*** Data shown Section Begins ***
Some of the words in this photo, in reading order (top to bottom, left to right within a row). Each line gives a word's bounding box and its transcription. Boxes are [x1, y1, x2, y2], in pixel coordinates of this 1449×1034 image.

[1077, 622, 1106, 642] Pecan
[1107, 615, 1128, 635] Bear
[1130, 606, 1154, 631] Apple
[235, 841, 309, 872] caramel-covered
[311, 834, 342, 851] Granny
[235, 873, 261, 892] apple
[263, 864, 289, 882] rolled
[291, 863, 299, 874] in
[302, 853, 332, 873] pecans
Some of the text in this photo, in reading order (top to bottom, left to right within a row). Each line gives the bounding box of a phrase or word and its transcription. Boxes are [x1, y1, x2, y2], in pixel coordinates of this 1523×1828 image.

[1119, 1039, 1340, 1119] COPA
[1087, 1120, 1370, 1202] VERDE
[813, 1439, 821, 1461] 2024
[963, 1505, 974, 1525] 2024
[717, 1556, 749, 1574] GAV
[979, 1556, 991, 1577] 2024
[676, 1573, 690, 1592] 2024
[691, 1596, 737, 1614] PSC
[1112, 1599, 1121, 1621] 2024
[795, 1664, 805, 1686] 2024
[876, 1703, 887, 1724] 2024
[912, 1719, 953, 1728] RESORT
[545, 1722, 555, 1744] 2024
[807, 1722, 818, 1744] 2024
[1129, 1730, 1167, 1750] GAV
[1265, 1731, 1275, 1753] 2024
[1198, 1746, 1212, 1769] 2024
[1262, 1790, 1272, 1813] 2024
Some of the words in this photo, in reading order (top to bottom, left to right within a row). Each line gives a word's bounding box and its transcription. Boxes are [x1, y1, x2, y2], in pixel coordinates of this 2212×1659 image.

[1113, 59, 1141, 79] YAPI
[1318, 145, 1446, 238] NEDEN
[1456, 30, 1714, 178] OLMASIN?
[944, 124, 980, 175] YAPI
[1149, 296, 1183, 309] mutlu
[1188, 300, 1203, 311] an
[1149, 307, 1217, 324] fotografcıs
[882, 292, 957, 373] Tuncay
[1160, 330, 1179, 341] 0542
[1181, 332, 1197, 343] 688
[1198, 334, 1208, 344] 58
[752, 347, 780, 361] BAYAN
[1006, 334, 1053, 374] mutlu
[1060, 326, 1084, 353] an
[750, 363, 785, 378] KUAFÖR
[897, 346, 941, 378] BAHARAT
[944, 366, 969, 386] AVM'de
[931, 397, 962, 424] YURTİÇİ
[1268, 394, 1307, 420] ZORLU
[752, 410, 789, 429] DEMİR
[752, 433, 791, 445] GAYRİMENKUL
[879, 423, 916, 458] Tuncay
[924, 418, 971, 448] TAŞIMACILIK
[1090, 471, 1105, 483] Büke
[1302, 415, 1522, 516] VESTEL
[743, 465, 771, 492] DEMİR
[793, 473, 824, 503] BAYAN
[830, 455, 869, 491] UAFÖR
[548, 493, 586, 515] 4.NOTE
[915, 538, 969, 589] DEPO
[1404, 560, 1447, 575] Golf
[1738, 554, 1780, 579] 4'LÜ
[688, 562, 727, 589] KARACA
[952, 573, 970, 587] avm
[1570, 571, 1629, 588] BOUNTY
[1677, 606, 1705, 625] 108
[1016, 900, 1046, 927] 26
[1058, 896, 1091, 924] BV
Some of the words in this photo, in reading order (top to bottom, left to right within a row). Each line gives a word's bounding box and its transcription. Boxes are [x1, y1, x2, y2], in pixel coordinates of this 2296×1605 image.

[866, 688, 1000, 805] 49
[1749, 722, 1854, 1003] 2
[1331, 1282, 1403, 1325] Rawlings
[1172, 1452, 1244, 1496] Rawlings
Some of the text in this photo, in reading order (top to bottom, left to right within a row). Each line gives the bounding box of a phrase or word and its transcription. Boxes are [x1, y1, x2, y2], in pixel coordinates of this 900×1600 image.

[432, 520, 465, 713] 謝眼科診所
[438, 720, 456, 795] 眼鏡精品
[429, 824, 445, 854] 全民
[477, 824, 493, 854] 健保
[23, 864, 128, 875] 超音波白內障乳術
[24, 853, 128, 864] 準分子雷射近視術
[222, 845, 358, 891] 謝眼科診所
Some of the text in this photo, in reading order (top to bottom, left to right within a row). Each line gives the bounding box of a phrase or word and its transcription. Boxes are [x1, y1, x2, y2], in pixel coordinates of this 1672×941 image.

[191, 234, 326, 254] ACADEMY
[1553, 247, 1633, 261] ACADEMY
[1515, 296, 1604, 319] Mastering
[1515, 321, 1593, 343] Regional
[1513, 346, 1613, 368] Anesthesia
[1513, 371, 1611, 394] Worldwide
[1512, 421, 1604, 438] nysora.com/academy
*** Data shown Section Ends ***
▸ **Prompt**
Reproduce the material above, keeping every line intact.

▸ **Finished exercise**
Some of the words in this photo, in reading order (top to bottom, left to right within a row). Each line gives a word's bounding box and its transcription. Boxes are [x1, y1, x2, y2], in pixel coordinates of this 1449×1034 image.

[1077, 622, 1106, 642] Pecan
[1107, 615, 1128, 635] Bear
[1130, 606, 1154, 631] Apple
[235, 841, 309, 872] caramel-covered
[311, 834, 342, 851] Granny
[235, 873, 261, 892] apple
[263, 864, 289, 882] rolled
[291, 863, 299, 874] in
[302, 853, 332, 873] pecans
Some of the text in this photo, in reading order (top to bottom, left to right within a row). Each line gives the bounding box of a phrase or word and its transcription. Boxes are [x1, y1, x2, y2], in pixel coordinates of this 1523×1828 image.

[1119, 1039, 1340, 1119] COPA
[1087, 1120, 1370, 1202] VERDE
[813, 1439, 821, 1461] 2024
[963, 1505, 974, 1525] 2024
[717, 1556, 749, 1574] GAV
[979, 1556, 991, 1577] 2024
[676, 1573, 690, 1592] 2024
[691, 1596, 737, 1614] PSC
[1112, 1599, 1121, 1621] 2024
[795, 1664, 805, 1686] 2024
[876, 1703, 887, 1724] 2024
[912, 1719, 953, 1728] RESORT
[545, 1722, 555, 1744] 2024
[807, 1722, 818, 1744] 2024
[1129, 1730, 1167, 1750] GAV
[1265, 1731, 1275, 1753] 2024
[1198, 1746, 1212, 1769] 2024
[1262, 1790, 1272, 1813] 2024
Some of the words in this photo, in reading order (top to bottom, left to right within a row). Each line gives a word's bounding box and its transcription. Boxes are [x1, y1, x2, y2], in pixel coordinates of this 2212×1659 image.

[1113, 59, 1141, 79] YAPI
[1318, 145, 1446, 238] NEDEN
[1456, 30, 1714, 178] OLMASIN?
[944, 124, 980, 175] YAPI
[1149, 296, 1183, 309] mutlu
[1188, 300, 1203, 311] an
[1149, 307, 1217, 324] fotografcıs
[882, 292, 957, 373] Tuncay
[1160, 330, 1179, 341] 0542
[1181, 332, 1197, 343] 688
[1198, 334, 1208, 344] 58
[752, 347, 780, 361] BAYAN
[1006, 334, 1053, 374] mutlu
[1060, 326, 1084, 353] an
[750, 363, 785, 378] KUAFÖR
[897, 346, 941, 378] BAHARAT
[944, 366, 969, 386] AVM'de
[931, 397, 962, 424] YURTİÇİ
[1268, 394, 1307, 420] ZORLU
[752, 410, 789, 429] DEMİR
[752, 433, 791, 445] GAYRİMENKUL
[879, 423, 916, 458] Tuncay
[924, 418, 971, 448] TAŞIMACILIK
[1090, 471, 1105, 483] Büke
[1302, 415, 1522, 516] VESTEL
[743, 465, 771, 492] DEMİR
[793, 473, 824, 503] BAYAN
[830, 455, 869, 491] UAFÖR
[548, 493, 586, 515] 4.NOTE
[915, 538, 969, 589] DEPO
[1404, 560, 1447, 575] Golf
[1738, 554, 1780, 579] 4'LÜ
[688, 562, 727, 589] KARACA
[952, 573, 970, 587] avm
[1570, 571, 1629, 588] BOUNTY
[1677, 606, 1705, 625] 108
[1016, 900, 1046, 927] 26
[1058, 896, 1091, 924] BV
Some of the words in this photo, in reading order (top to bottom, left to right within a row). Each line gives a word's bounding box and its transcription. Boxes are [x1, y1, x2, y2], in pixel coordinates of this 2296×1605 image.

[866, 688, 1000, 805] 49
[1749, 722, 1854, 1003] 2
[1331, 1282, 1403, 1325] Rawlings
[1172, 1452, 1244, 1496] Rawlings
Some of the text in this photo, in reading order (top to bottom, left to right within a row). Each line gives the bounding box of a phrase or word and its transcription. Boxes are [x1, y1, x2, y2], in pixel coordinates of this 900×1600 image.

[432, 520, 465, 713] 謝眼科診所
[438, 720, 456, 795] 眼鏡精品
[429, 824, 445, 854] 全民
[477, 824, 493, 854] 健保
[23, 864, 128, 875] 超音波白內障乳術
[24, 853, 128, 864] 準分子雷射近視術
[222, 845, 358, 891] 謝眼科診所
Some of the text in this photo, in reading order (top to bottom, left to right within a row). Each line gives the bounding box of a phrase or word and its transcription. Boxes are [x1, y1, x2, y2], in pixel coordinates of this 1672×941 image.

[191, 234, 326, 254] ACADEMY
[1553, 247, 1633, 261] ACADEMY
[1515, 296, 1604, 319] Mastering
[1515, 321, 1593, 343] Regional
[1513, 346, 1613, 368] Anesthesia
[1513, 371, 1611, 394] Worldwide
[1512, 421, 1604, 438] nysora.com/academy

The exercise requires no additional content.